§ Problem statement: Copy exactly the lines from the one containing "this 1920×1440 image." through the last line of the records below, both included, and leave out the pictures.

Top of Information

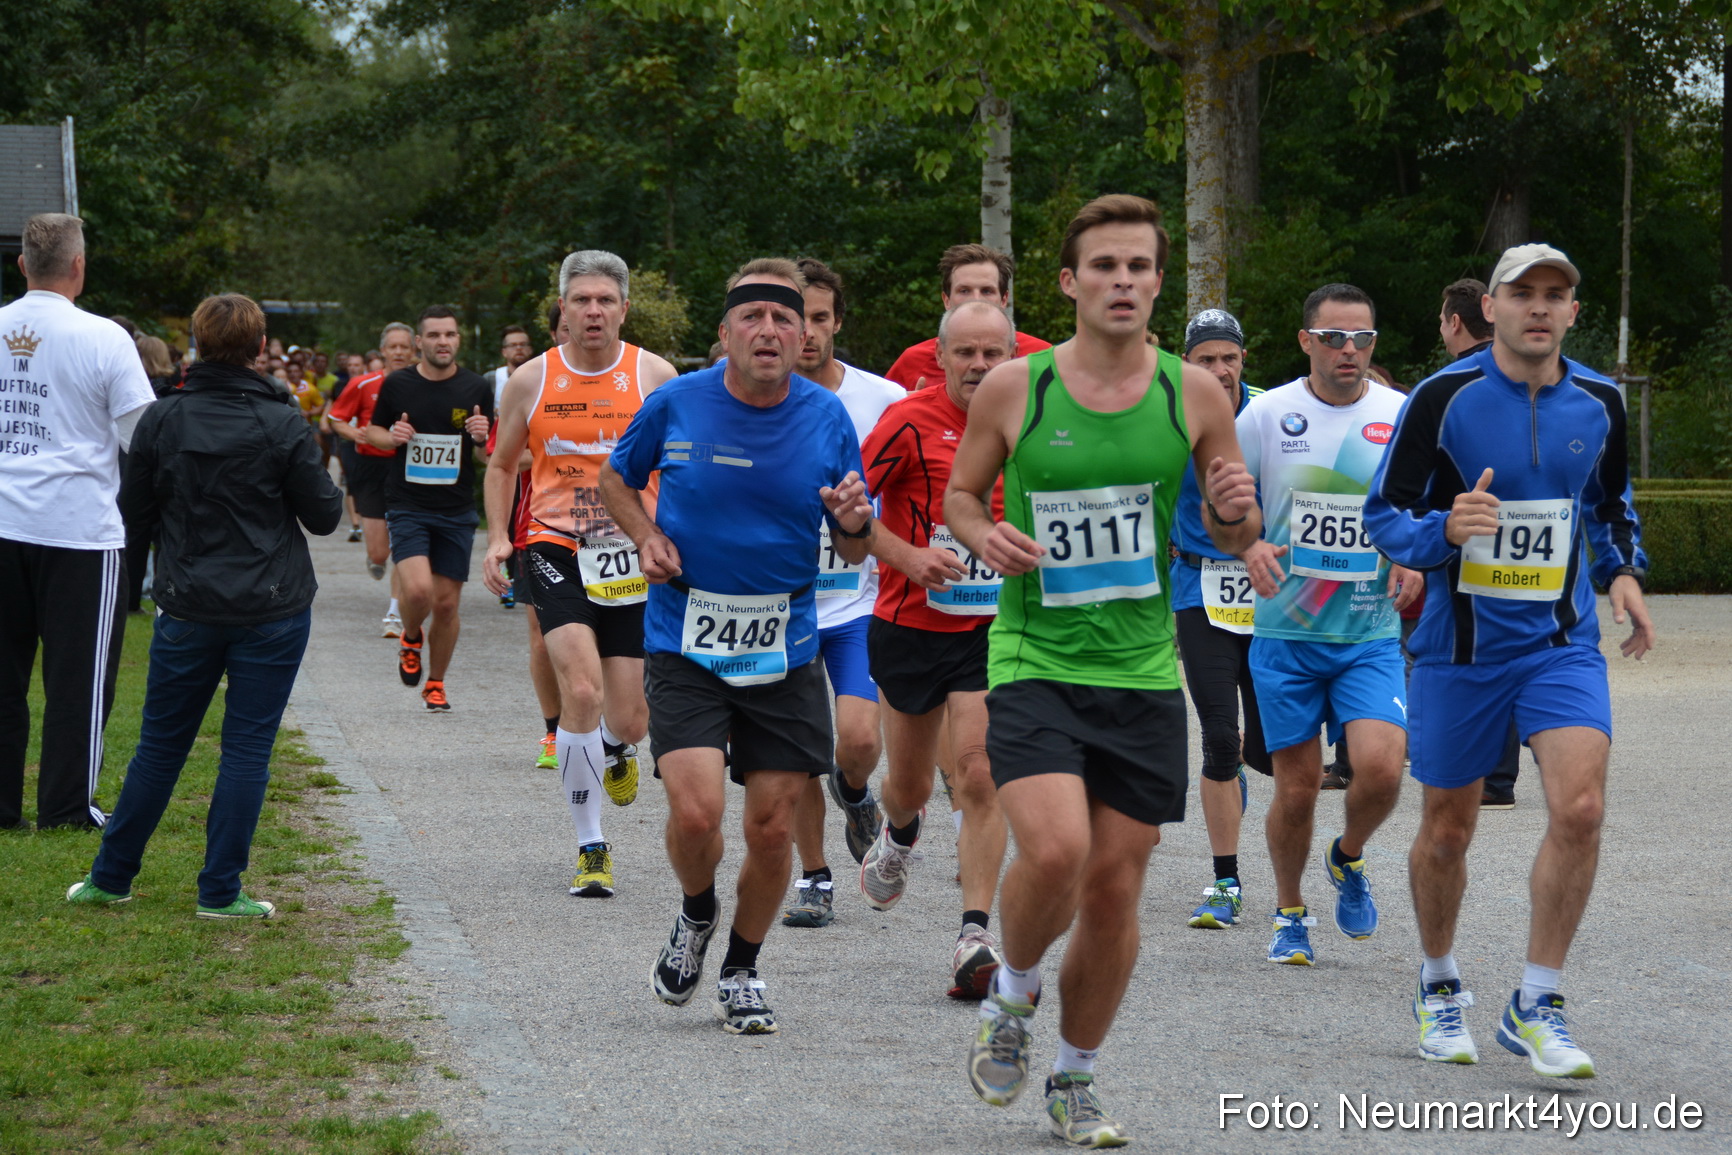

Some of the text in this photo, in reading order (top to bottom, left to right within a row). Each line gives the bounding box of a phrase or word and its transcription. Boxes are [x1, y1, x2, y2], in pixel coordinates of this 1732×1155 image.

[13, 358, 29, 373] IM
[0, 378, 48, 398] UFTRAG
[0, 420, 51, 441] JESTÄT:
[1281, 440, 1310, 449] PARTL
[412, 445, 456, 465] 3074
[1036, 497, 1131, 513] PARTL Neumarkt
[1295, 499, 1364, 513] PARTL Neumar
[570, 507, 589, 519] FOR
[1507, 511, 1557, 520] Neumarkt
[933, 533, 954, 543] PAR
[1048, 511, 1142, 561] 3117
[1204, 564, 1232, 572] PARTL
[1321, 555, 1349, 569] Rico
[1492, 570, 1541, 586] Robert
[953, 589, 999, 602] Herbert
[690, 597, 775, 614] PARTL Neumarkt
[694, 615, 781, 651] 2448
[710, 658, 759, 675] Werner
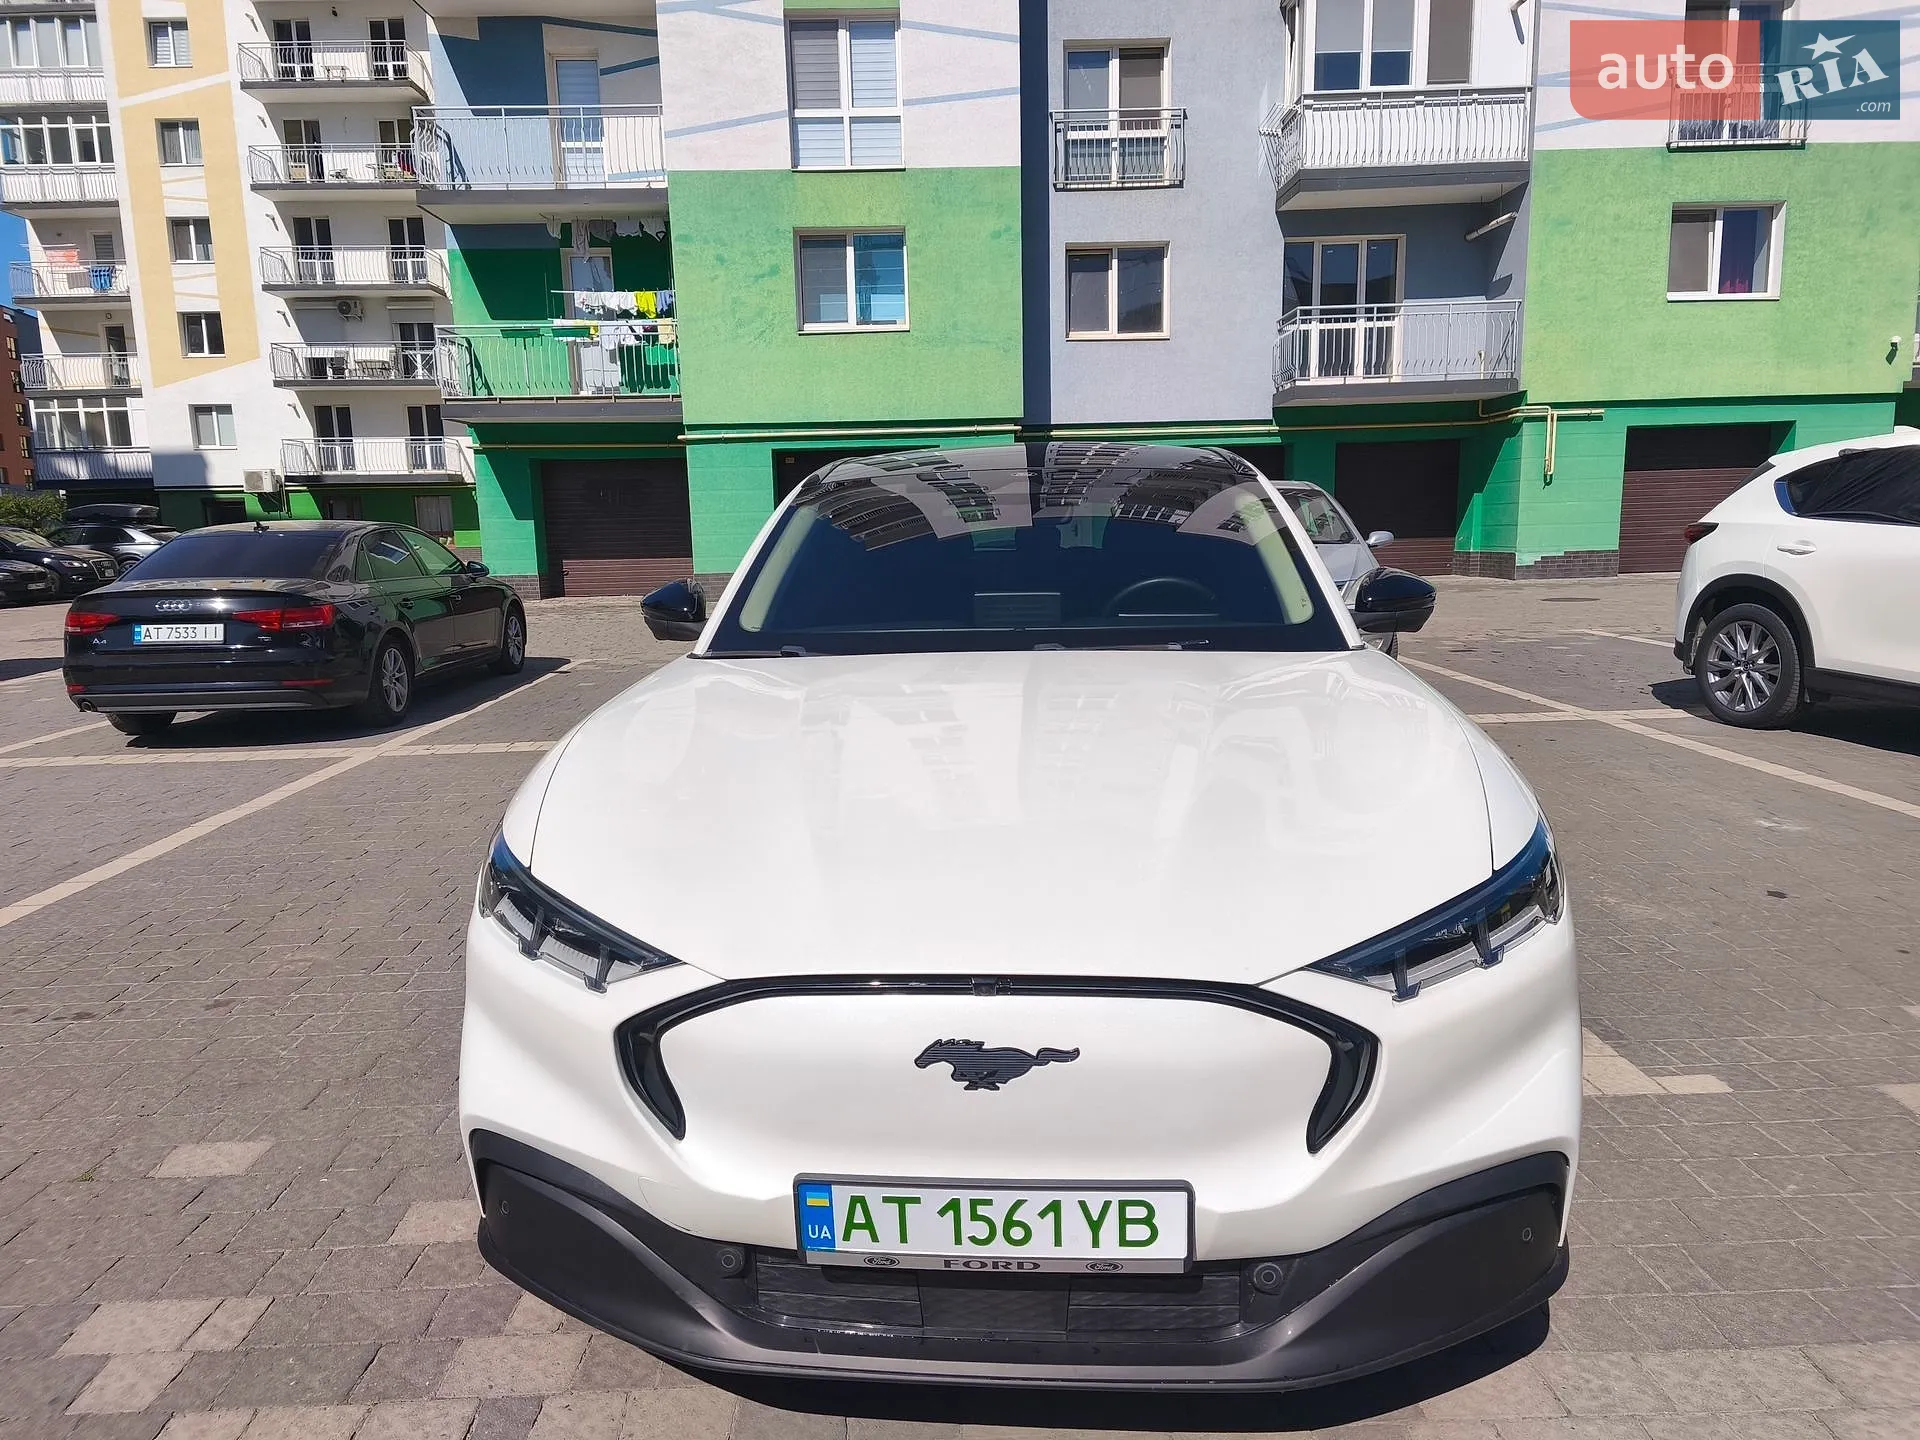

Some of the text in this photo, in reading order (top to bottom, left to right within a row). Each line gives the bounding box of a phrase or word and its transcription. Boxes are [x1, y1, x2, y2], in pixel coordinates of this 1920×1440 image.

[143, 627, 163, 640] AT
[166, 626, 197, 640] 7533
[842, 1195, 1159, 1249] AT 1561 YB
[808, 1224, 832, 1240] UA
[943, 1258, 1041, 1271] FORD
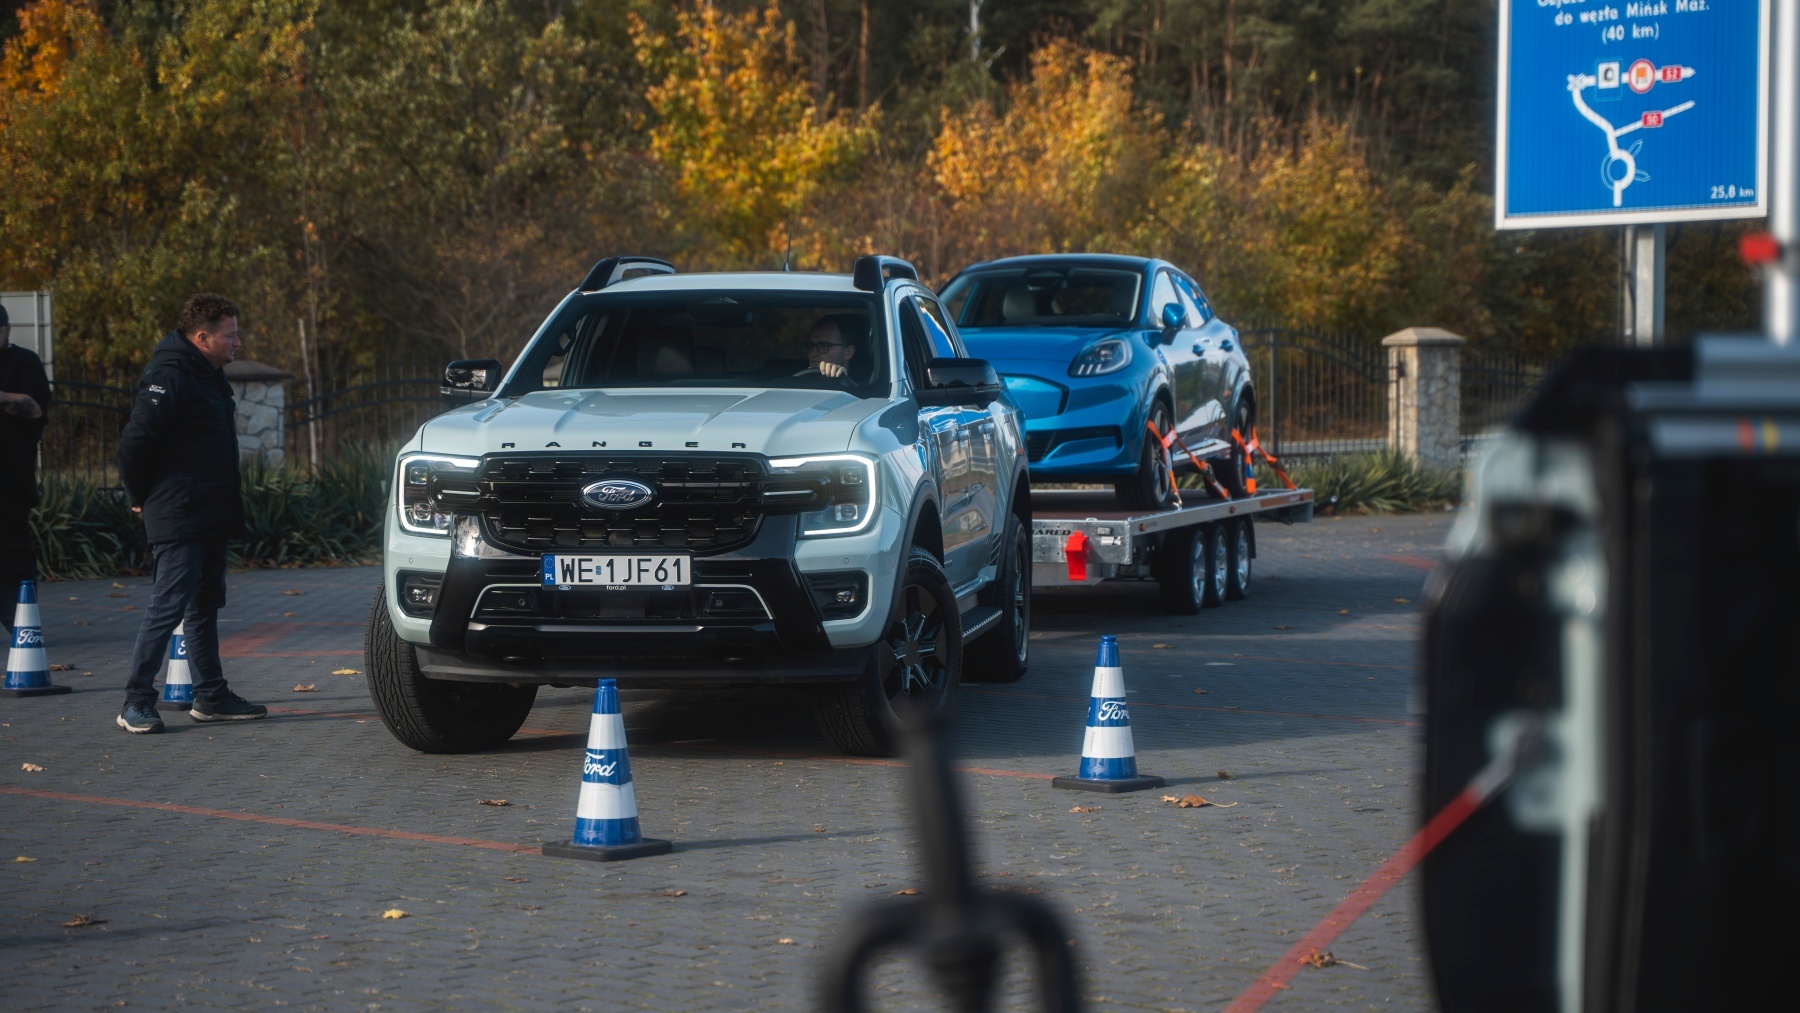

Bottom of Information

§ Final answer:
Some of the text in this photo, in reading order (top to bottom, left to right within a row). Each line gives the bounding box of a phrase or word and its transcription. Boxes are [x1, y1, x2, y2], in pixel coordinates of this 1920×1440 image.

[143, 627, 163, 640] AT
[166, 626, 197, 640] 7533
[842, 1195, 1159, 1249] AT 1561 YB
[808, 1224, 832, 1240] UA
[943, 1258, 1041, 1271] FORD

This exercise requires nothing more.